Lenny, who had intended to trade the Jeriko tape to get back together with Faith, is convinced of his plan’s stupidity in the film’s most-quoted scene, famously sampled by Fatboy Slim. “This is your life! Right here, right now!” Mace yells at him. Echoing the words of the radio caller and Jeriko One, Mace’s “right here, right now” rips Lenny from his backward-looking solipsism and into a collective, political ‘now.’ Invigoratingly, Strange Days repeatedly juxtaposes white nihilism with Black revolutionary futurity. (Bigelow says, while this was “certainly intentional,” it was “by no means intended as an indictment of American white males.” They’ll live!)
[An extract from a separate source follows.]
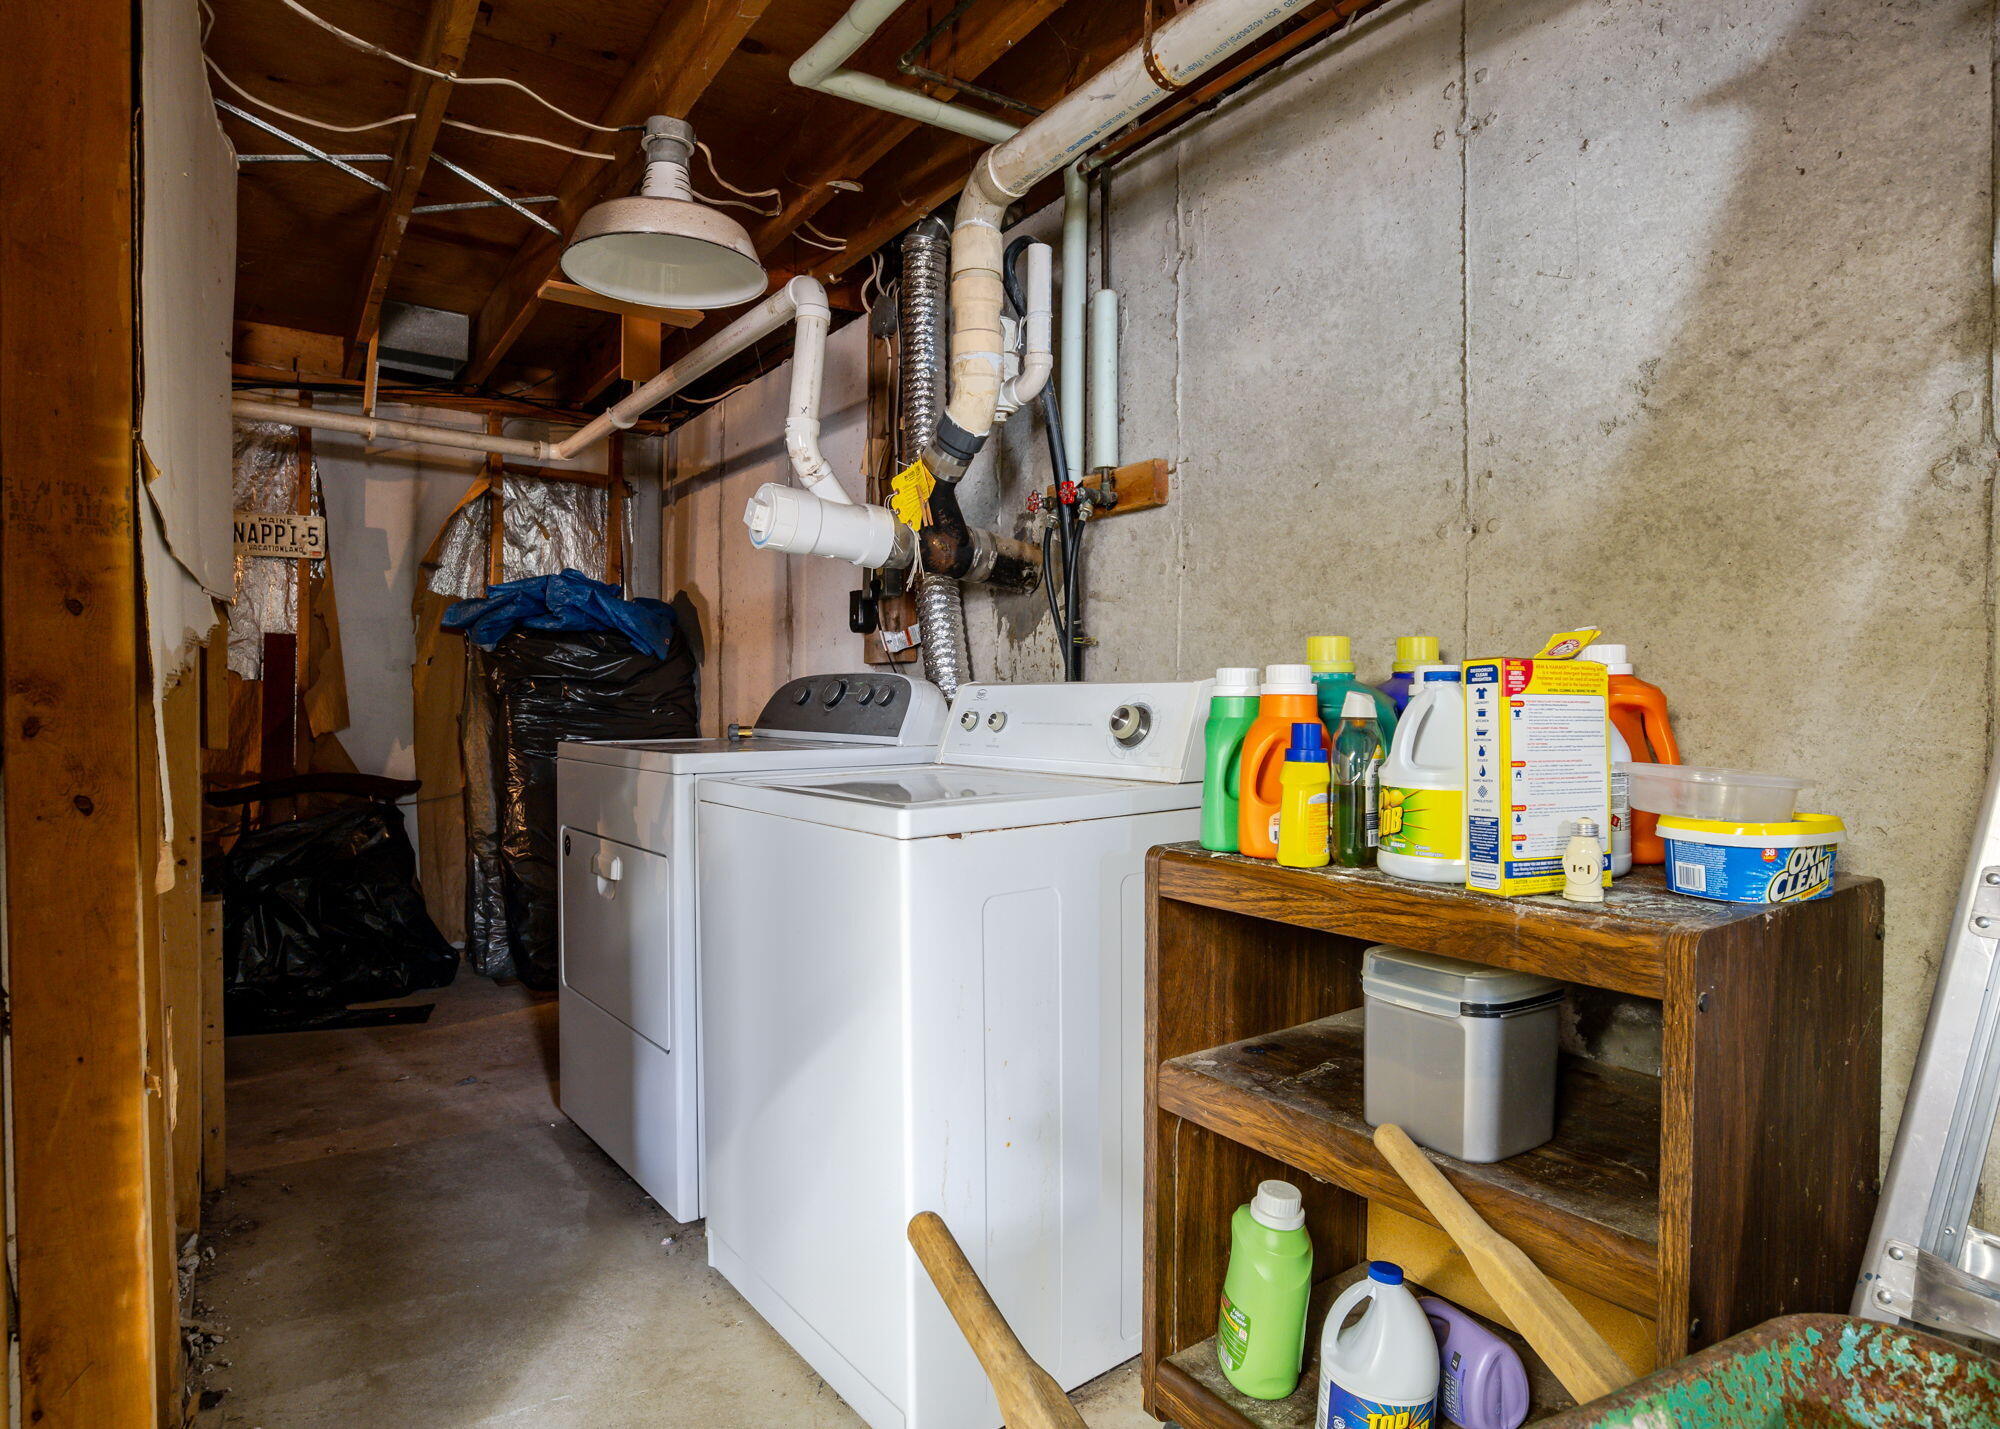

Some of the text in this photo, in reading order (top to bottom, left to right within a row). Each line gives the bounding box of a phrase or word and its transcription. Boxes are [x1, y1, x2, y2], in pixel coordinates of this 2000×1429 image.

[258, 517, 293, 526] MAINE
[249, 545, 304, 553] VACATIONLAND
[1788, 846, 1822, 875] OXI
[1769, 856, 1830, 902] CLEAN
Mace, in turn, is reluctantly convinced to hand the Jeriko tape to a police commissioner. Amid falling confetti and a throng of ravers, she disarms the cops who killed Jeriko before a police squad arrives and violently beats her with their batons: a direct citation of the Rodney King footage. The crowd looks on, stunned. Then, the wave breaks. A breathtaking bird’s-eye view shot (a cinematographic choice as formally opposed to the POV clips as it gets) sees a mass of bodies overpowering the police, refusing to be spectators, fighting the fuck back.
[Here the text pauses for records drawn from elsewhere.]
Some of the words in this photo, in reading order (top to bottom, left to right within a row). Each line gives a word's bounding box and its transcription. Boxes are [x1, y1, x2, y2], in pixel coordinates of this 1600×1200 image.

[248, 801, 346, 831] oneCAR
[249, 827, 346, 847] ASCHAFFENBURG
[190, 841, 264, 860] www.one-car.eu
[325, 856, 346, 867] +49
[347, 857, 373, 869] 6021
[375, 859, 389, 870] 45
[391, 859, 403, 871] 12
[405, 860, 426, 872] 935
Then, the police commissioner arrests the two cops for Jeriko’s murder. Can I interest you in Sebastian’s list of Movies Where White People Solve Racism? “It’s very funny to me that this dark and archly cynical social satire ends on the conviction that if one simply gives the right knowledge to the right authorities, you can achieve something like justice,” Jamelle wryly observes. Bigelow said she “wasn’t interested in tearing an institution apart,” emphasizing that the film is about “loose-cannon cops [acting] outside any authority.”
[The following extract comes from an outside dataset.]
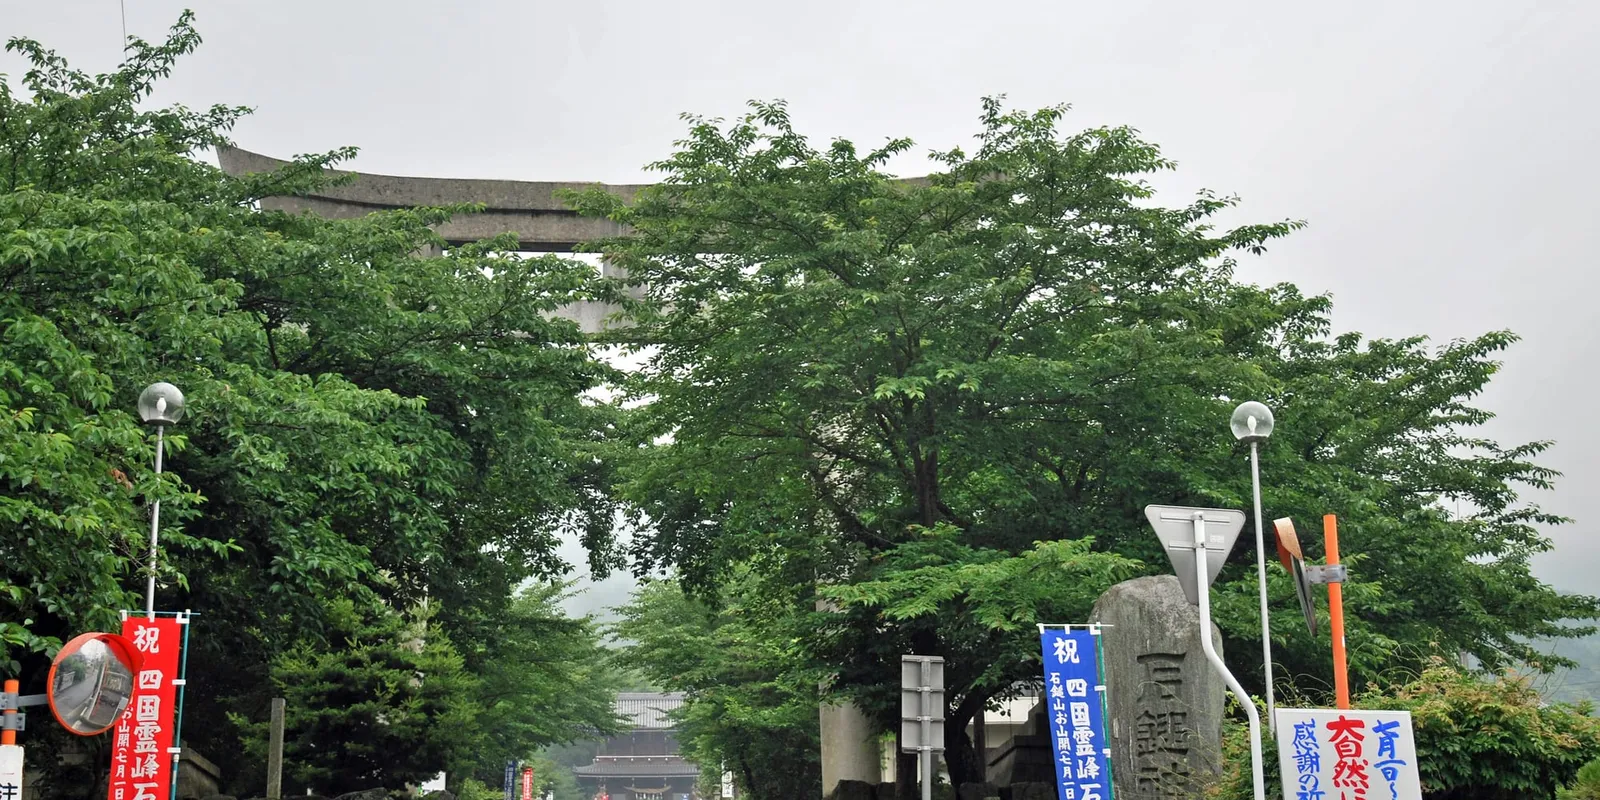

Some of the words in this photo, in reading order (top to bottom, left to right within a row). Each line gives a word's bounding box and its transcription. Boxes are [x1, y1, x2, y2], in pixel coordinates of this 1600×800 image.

[133, 625, 160, 654] 祝
[1053, 637, 1080, 664] 祝
[114, 697, 134, 800] お山開(七月一日
And yet, Strange Days keeps us coming back. Robert suggests it’s because the film “perfectly captures the misplaced hope of its time.” But maybe it’s more the disappointment of its ending that feels familiar, despite Bigelow’s intention: that we have seen, time and time again, how a riot is always followed by its suppression, how the fires of a social movement are extinguished by the restoration of a violent status quo. We know, better than the film does, that the tape doesn’t save us—but if we listen for the revolutionary pulse of that New Year’s Eve crowd, we know what might. “Strange days, but for now, not estranged,” Tim writes. If all we have is right here, right now, what are we waiting for?